[Spatial localization data]
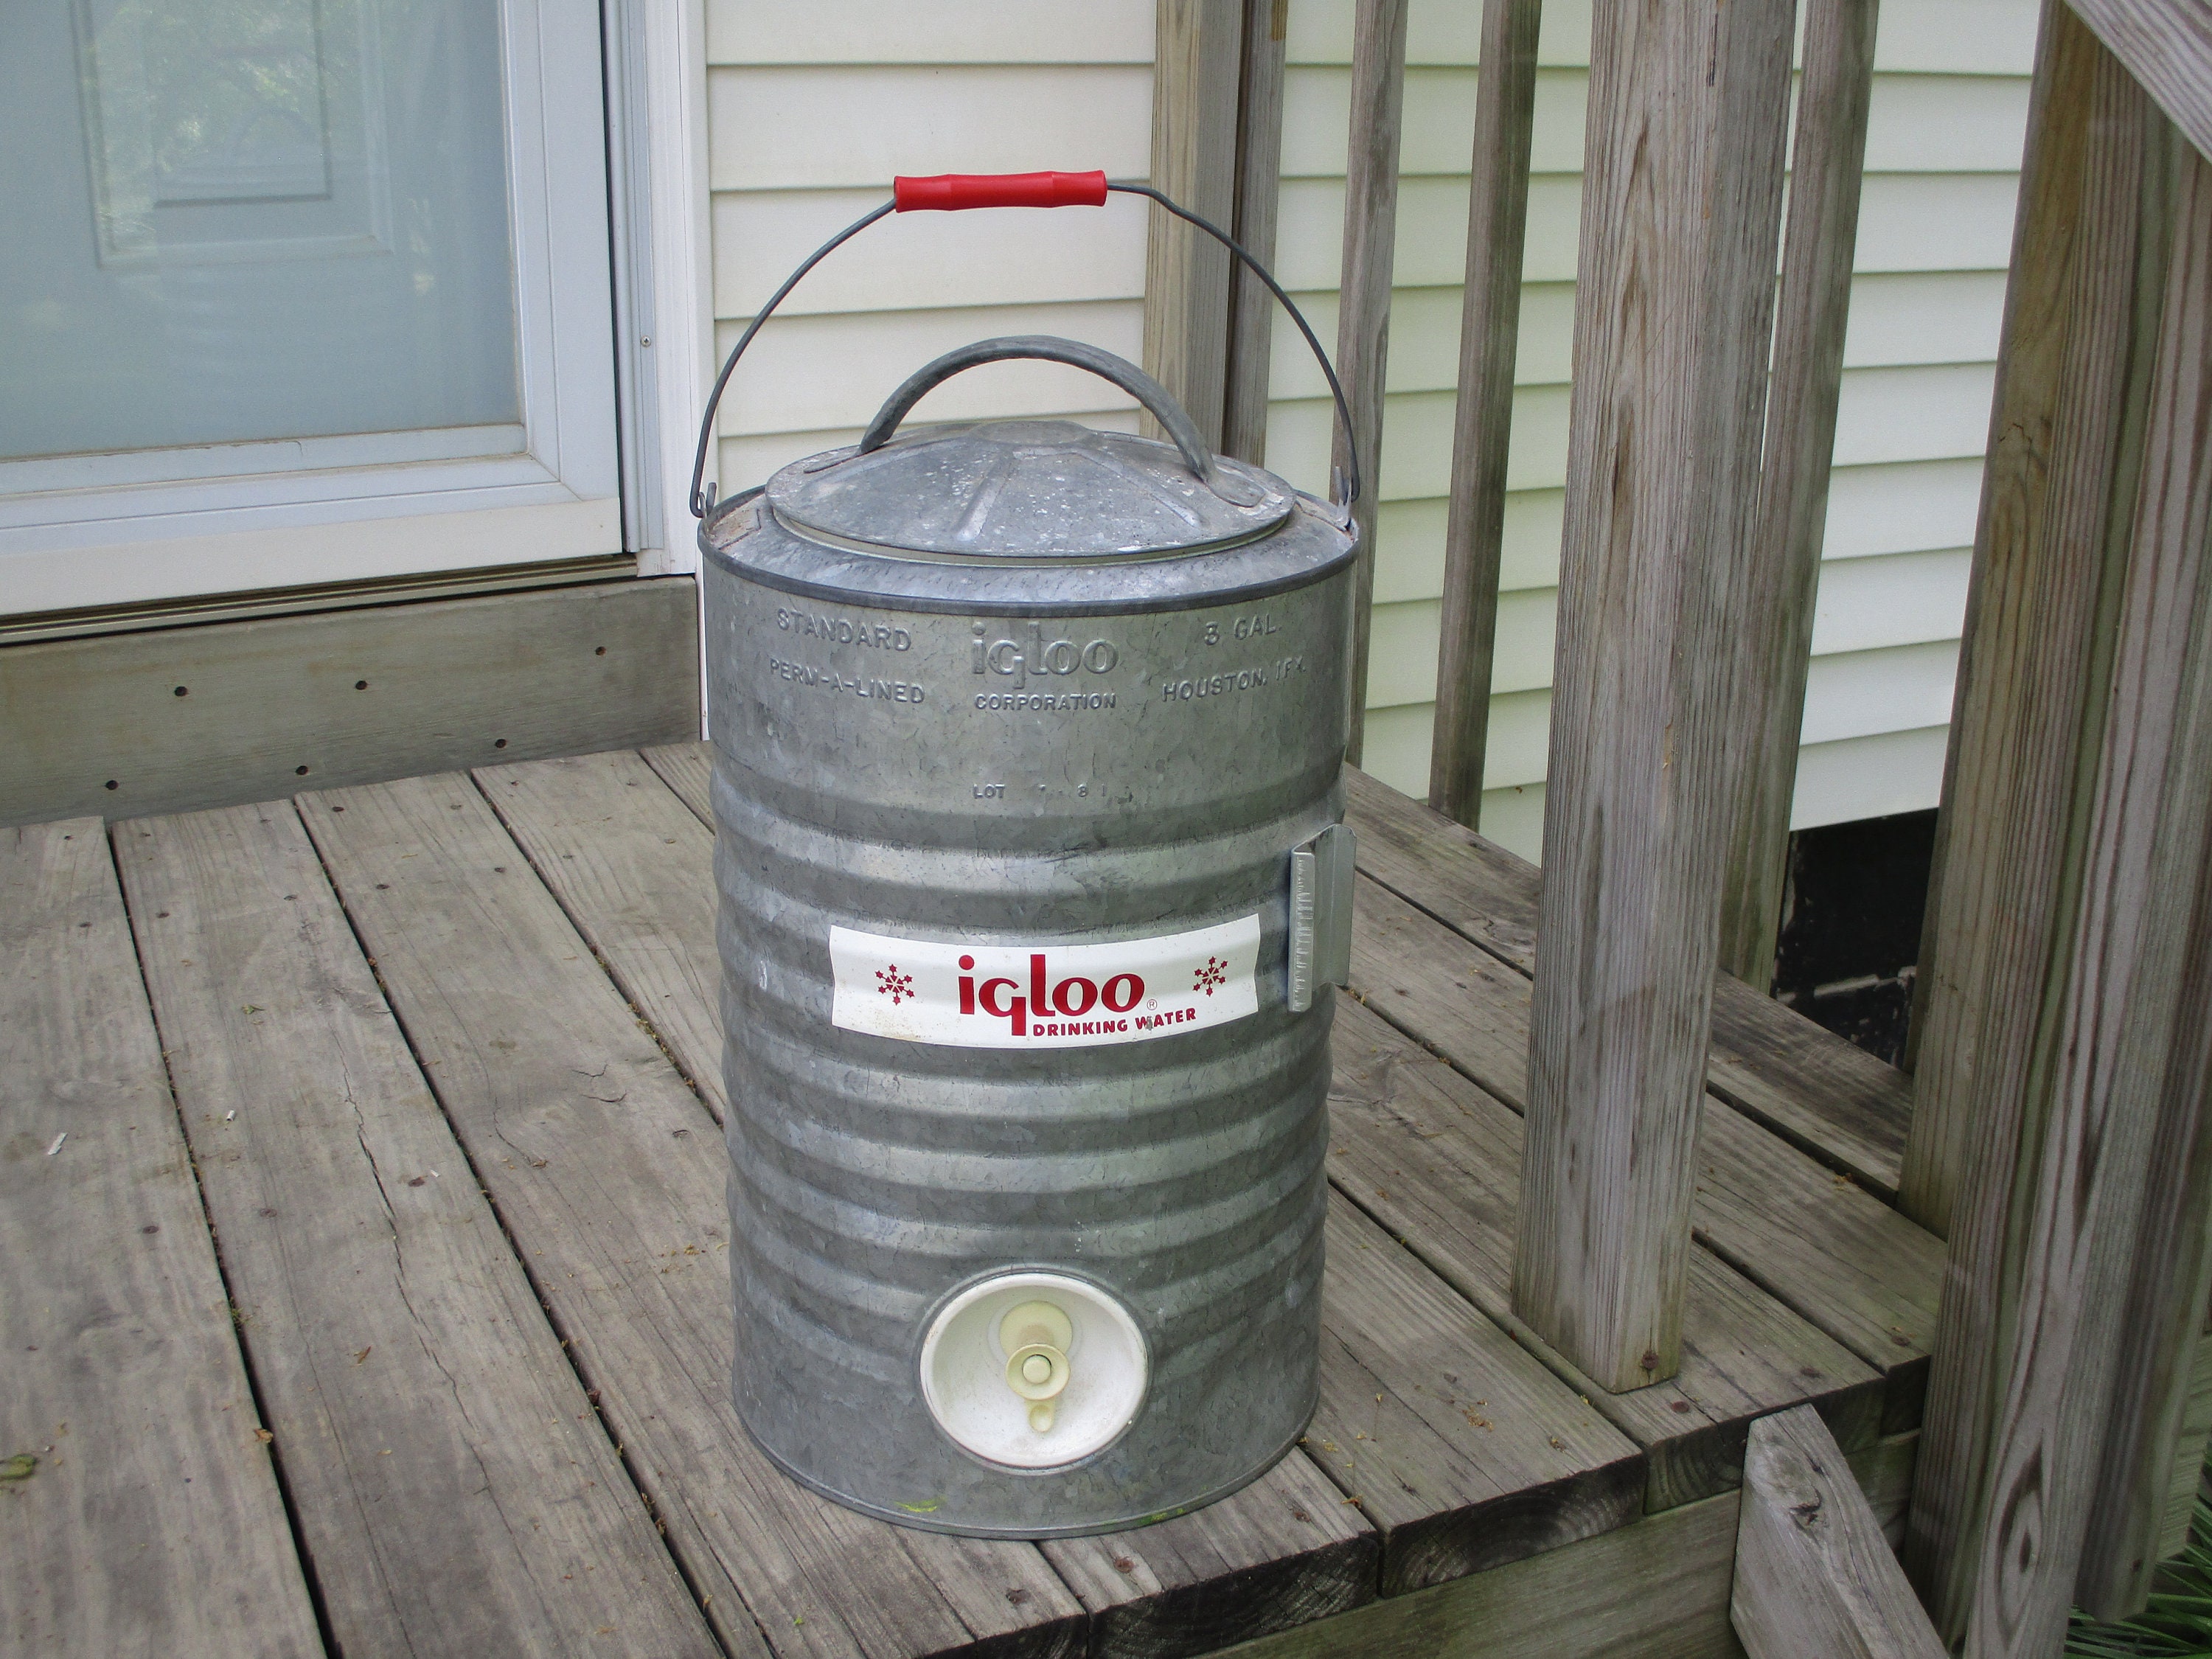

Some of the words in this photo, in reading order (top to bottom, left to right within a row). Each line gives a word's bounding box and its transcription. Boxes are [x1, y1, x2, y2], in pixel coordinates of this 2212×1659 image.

[776, 608, 912, 652] STANDARD
[1203, 620, 1220, 646] 3
[971, 621, 1119, 689] igloo
[974, 692, 1117, 711] CORPORATION
[972, 783, 1006, 799] LOT
[959, 953, 1146, 1037] igloo
[1033, 1018, 1128, 1037] DRINKING
[1135, 1007, 1197, 1030] WATER
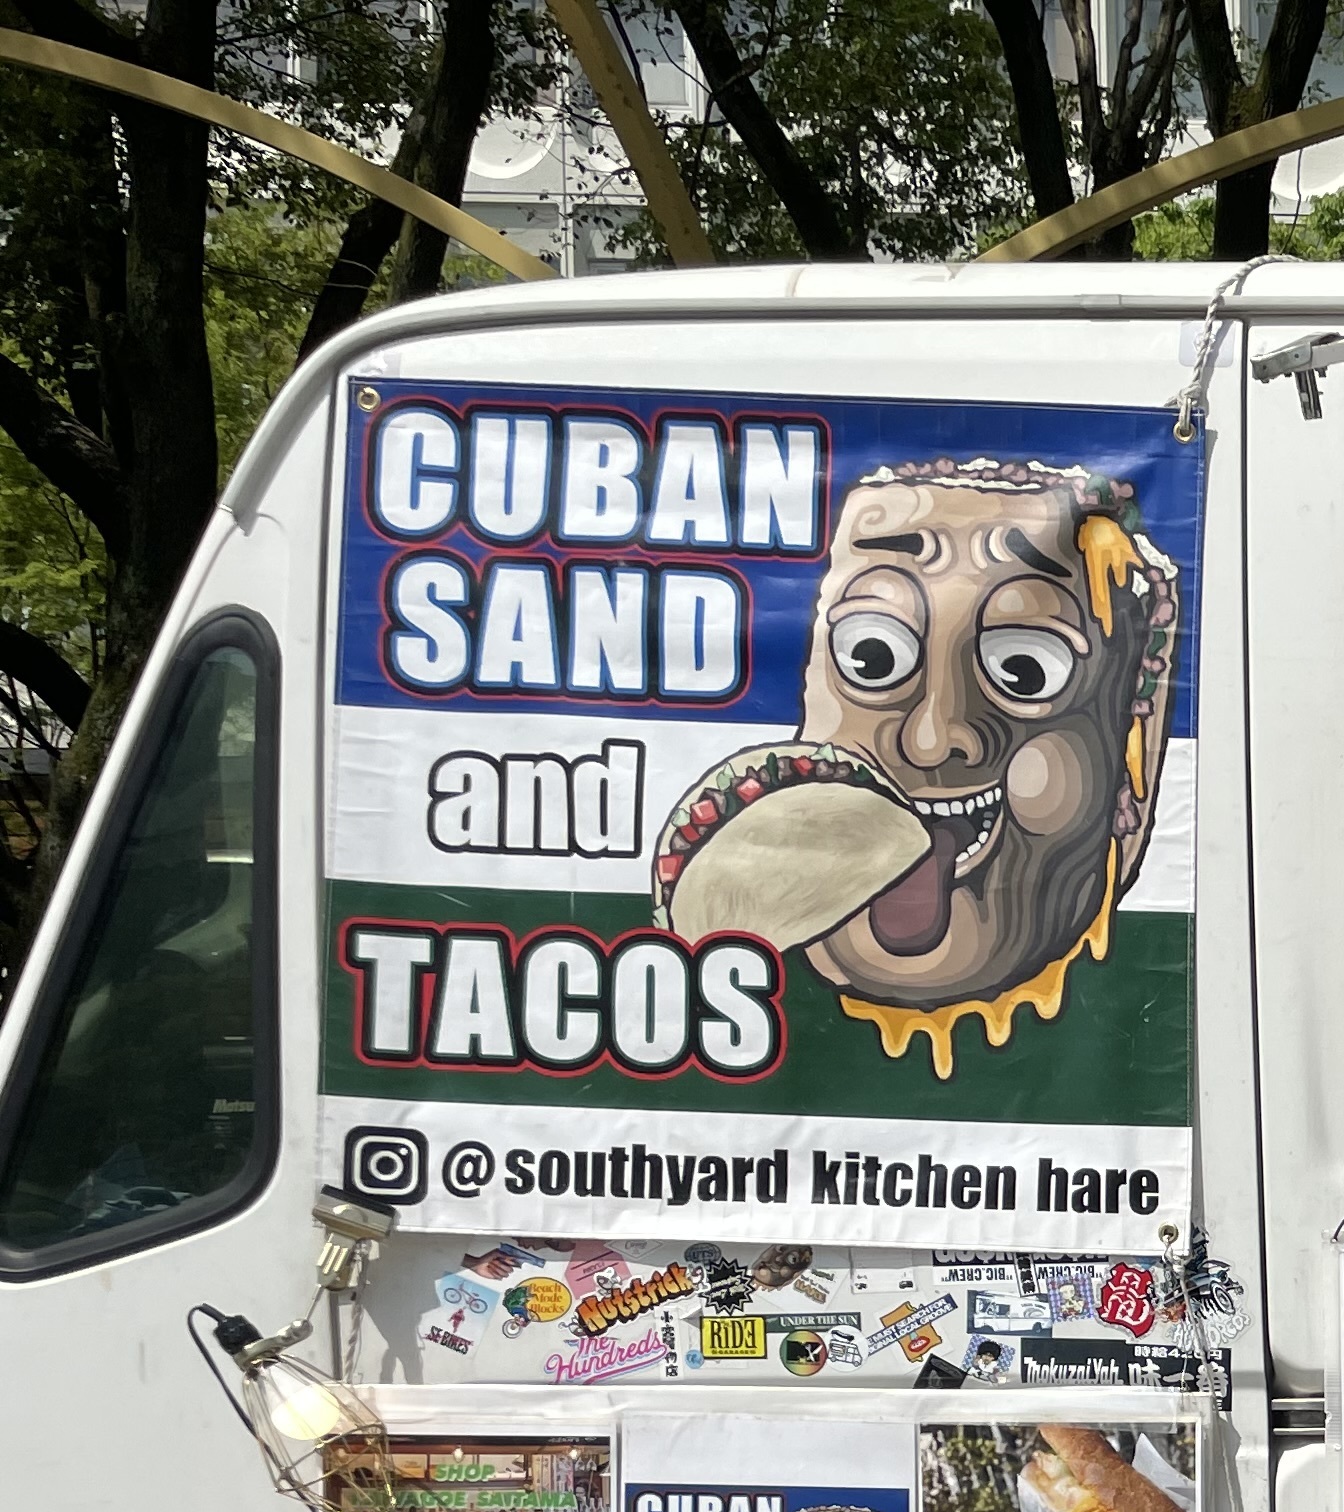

= Your assignment =
A word-for-word copy of all the data is required, minus the pictures.

= Problem solution =
Some of the words in this photo, in reading order (top to bottom, left to right within a row). Each line gives a word's bounding box and its transcription. Boxes are [x1, y1, x2, y2], in pixel coordinates of this 2212×1659 image.

[776, 608, 912, 652] STANDARD
[1203, 620, 1220, 646] 3
[971, 621, 1119, 689] igloo
[974, 692, 1117, 711] CORPORATION
[972, 783, 1006, 799] LOT
[959, 953, 1146, 1037] igloo
[1033, 1018, 1128, 1037] DRINKING
[1135, 1007, 1197, 1030] WATER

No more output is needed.